A combination of phylogenetic, morphological, ecological, and biogeographical data has robustly resolved the taxonomy of Trichoderma (Jaklitsch and Voglmayr 2015; Qin and Zhuang 2016a; Sun et al. 2016; Chen and Zhuang 2017b; Qiao et al. 2018). In this study, phylogenetic analysis based on a single gene of ITS could not distinguish species of Trichoderma in the Harzianum clade from each other (Suppl. material 1: Fig. S1), which confirmed that the ITS region is not suitable for species delimitation of Trichoderma (Jaklitsch et al. 2012; Qin et al. 2018). Sequences of RPB2 and TEF1-α were powerful due to their suitable interspecific variations (Jaklitsch and Voglmayr 2015), and these have extensively been used in solving the taxonomy of Trichoderma (Jaklitsch and Voglmayr 2015; Qin and Zhuang 2016a; Chen and Zhuang 2017a, b; Qiao et al. 2018). Despite the phylogenetic analyses based on the single gene of RPB2 and TEF1-α generally revealed the phylogenetic relationship within the Harzianum clade (Suppl. material 1: Fig. S2, Suppl. material 3: Fig. S3), but the relationships among T. lentinulae, T. xixiacum, T. vermifimicola, T. zelobreve, and their closed taxa were not well distinct.
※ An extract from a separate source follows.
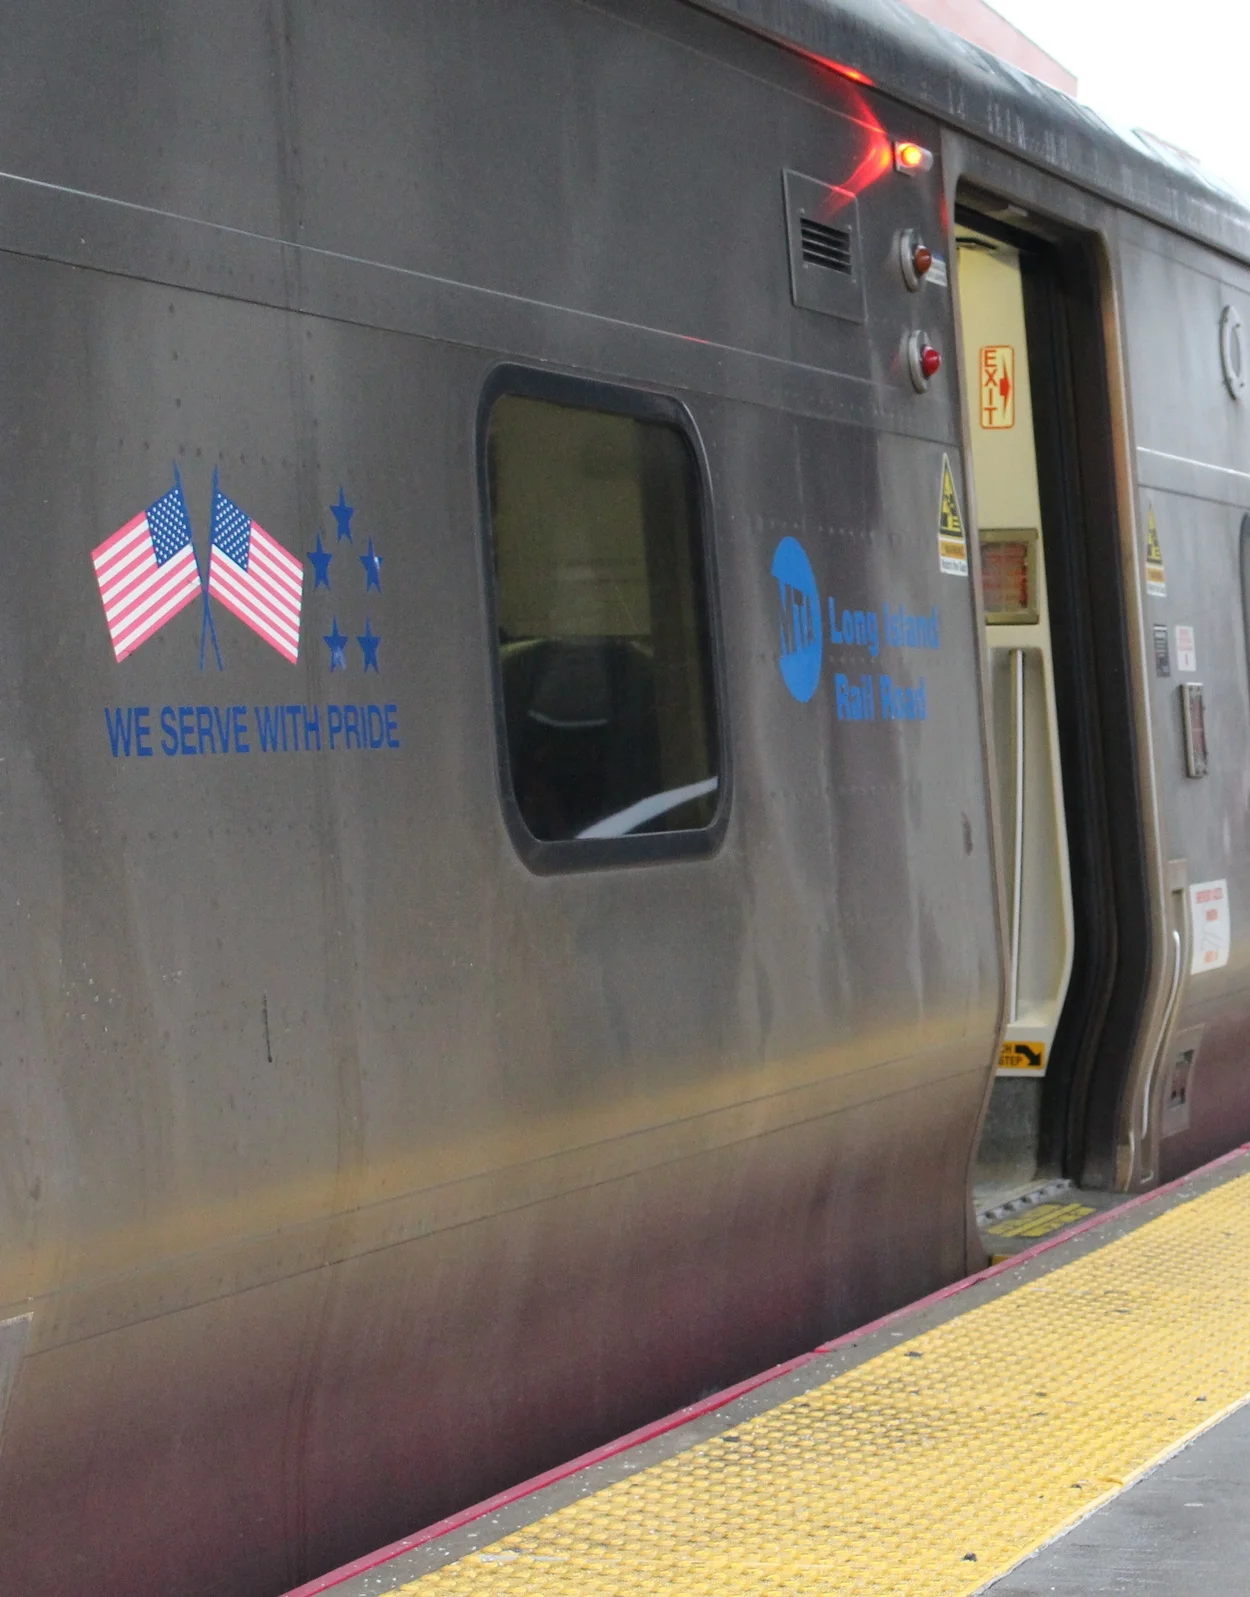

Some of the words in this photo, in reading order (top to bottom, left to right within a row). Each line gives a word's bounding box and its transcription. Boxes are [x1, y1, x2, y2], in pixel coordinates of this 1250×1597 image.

Consideration of the universality and reliability of barcodes for species in the Trichoderma genus (Qiao et al. 2018), combined ITS, RPB2, and TEF1-α dataset was used for phylogenetic analysis in this study, revealing phylogenetic relationship among species in Harzianum clades, and suggesting that T. lentinulae, T. xixiacum, T. vermifimicola, and T. zelobreve are distinguishable from each other and species within and outside of Harzianum clade as well.

Table 1.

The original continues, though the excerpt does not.